The colours aren't right either. Blue? For a Metrolink stop? They are always, always yellow and grey; they're almost as obsessive about it as Merseyrail. Any ironwork or canopy gets a slap of the corporate colours, making it immediately obvious that there's a tram stop there. The blue and white is just plain wrong. It's not even the teal of the old Metrolink livery. It looks like they've tried to do a tram stop without Metrolink's input - note there's a lack of a Metrolink flag, too. This is disappointing. EastEnders has had a Walford East station on its set for decades, and it looks fantastic. Weatherfield North... doesn't.
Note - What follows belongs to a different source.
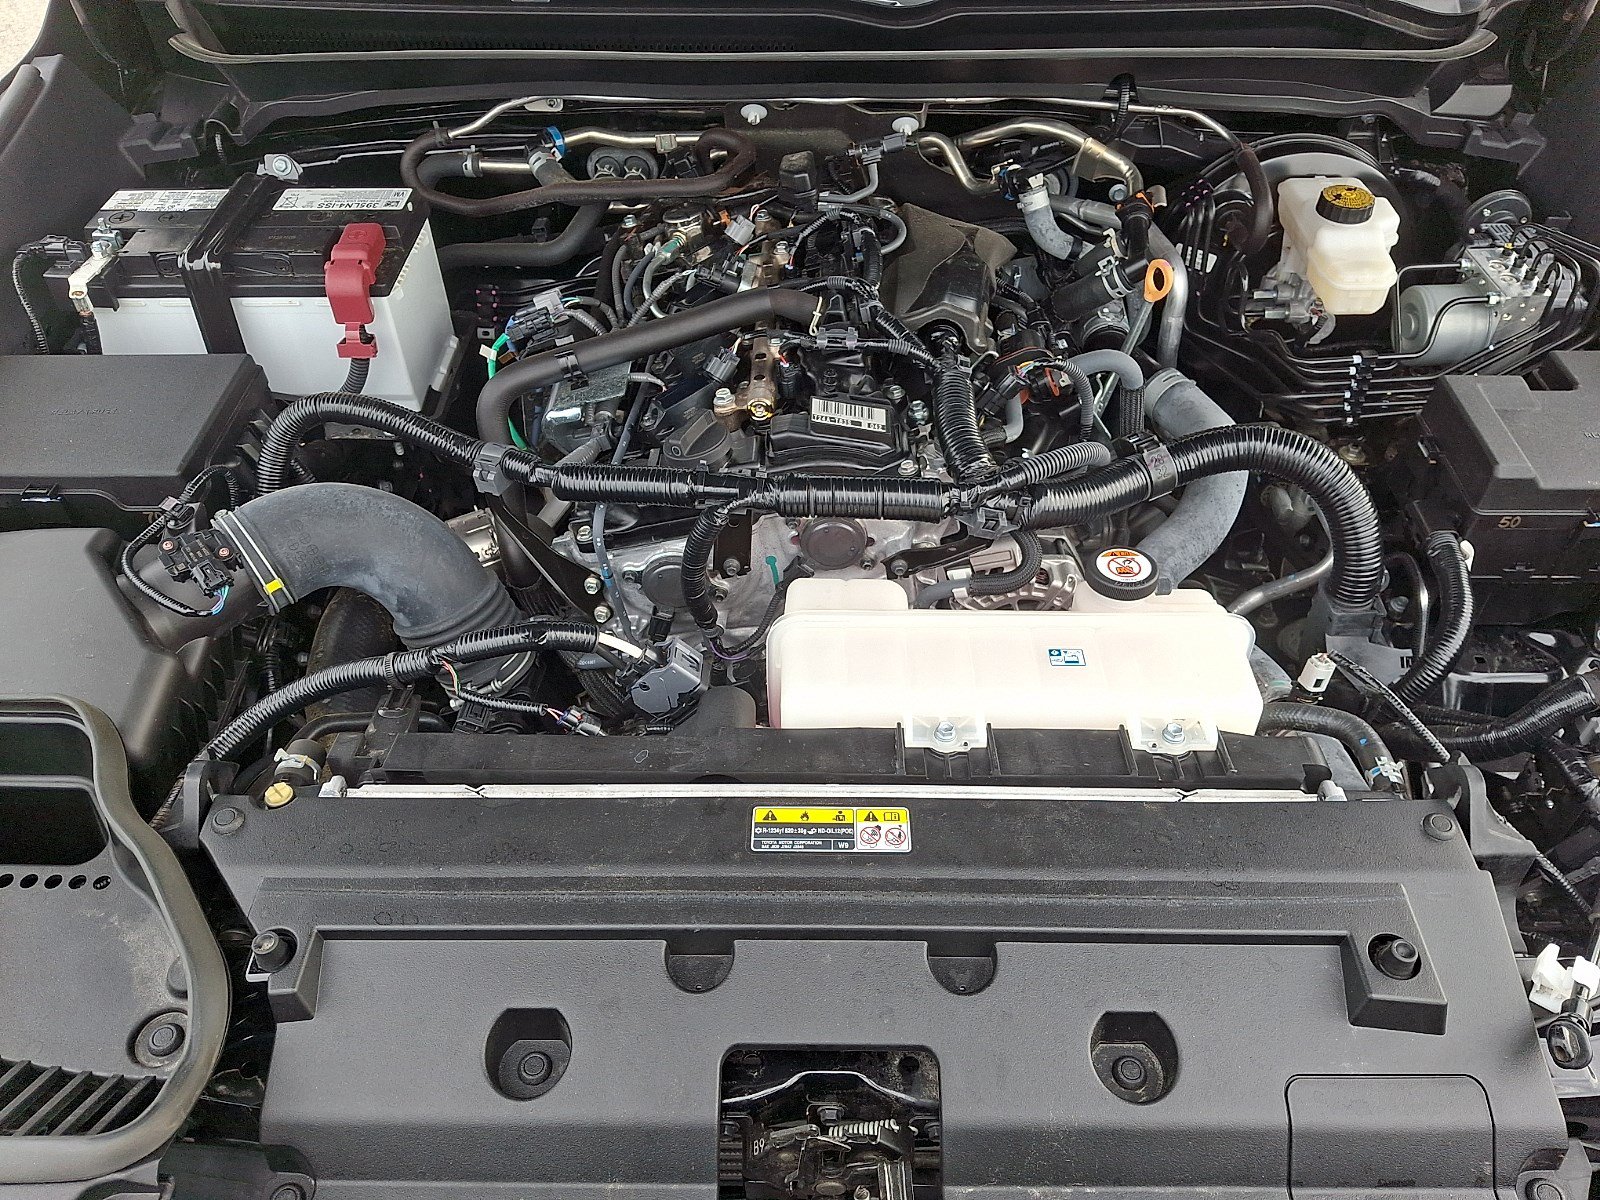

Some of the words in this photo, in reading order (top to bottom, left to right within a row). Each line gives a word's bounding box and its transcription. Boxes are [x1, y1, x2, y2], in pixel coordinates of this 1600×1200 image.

[1498, 515, 1522, 528] 50
[837, 841, 849, 849] W9
[753, 1137, 765, 1156] B9
This might be overthinking; it might be personal bias. I've been spending months visiting every Metrolink tram stop, plus years before that visiting every railway station in the north, so I'm pretty familiar with the architectural features and design of Manchester's transport network. I looked at the photo of Weatherfield North and I was disappointed. It isn't right. I accept, for millions of Corrie viewers, it doesn't matter; they won't even notice. It's just that the Weatherfield of Coronation Street has always been proud to be part of Manchester, and the Metrolink is a Manchester legend. They should treat it with respect.
Let's finish with something a bit more fun; a look at the geography of the tram stop. Many thanks to regular blog contributor David Chew for this map of the new set.
It seems there are in fact two separate tram routes (in blue) running parallel to one another; the one at the top of Coronation Street itself, and this new route with the tram stop on it. The alternative is that the trams do a huge loop round the back of Mawdsley Street, which seems unlikely. Presumably there's a junction further along where the lines merge, which helps us to place Weatherfield North on the Metrolink map. Weatherfield has long been analogous to Salford, so it would seem to be somewhere around Pomona and Cornbrook. Perhaps Weatherfield North is on a branch heading off at Cornbrook towards the new developments at Salford, I mean, Weatherfield Quays, while the Coronation Street line is the route to Pomona? In real life that'd put Coronation Street in the middle of a dock, but I'm clutching at straws here.
It's good that we finally know where Deirdre Barlow was getting the tram to work from after all these years. It's just a shame that the stop isn't as well designed as the pool hall or the estate agents. Maybe we can have another crash to knock it down and rebuild it.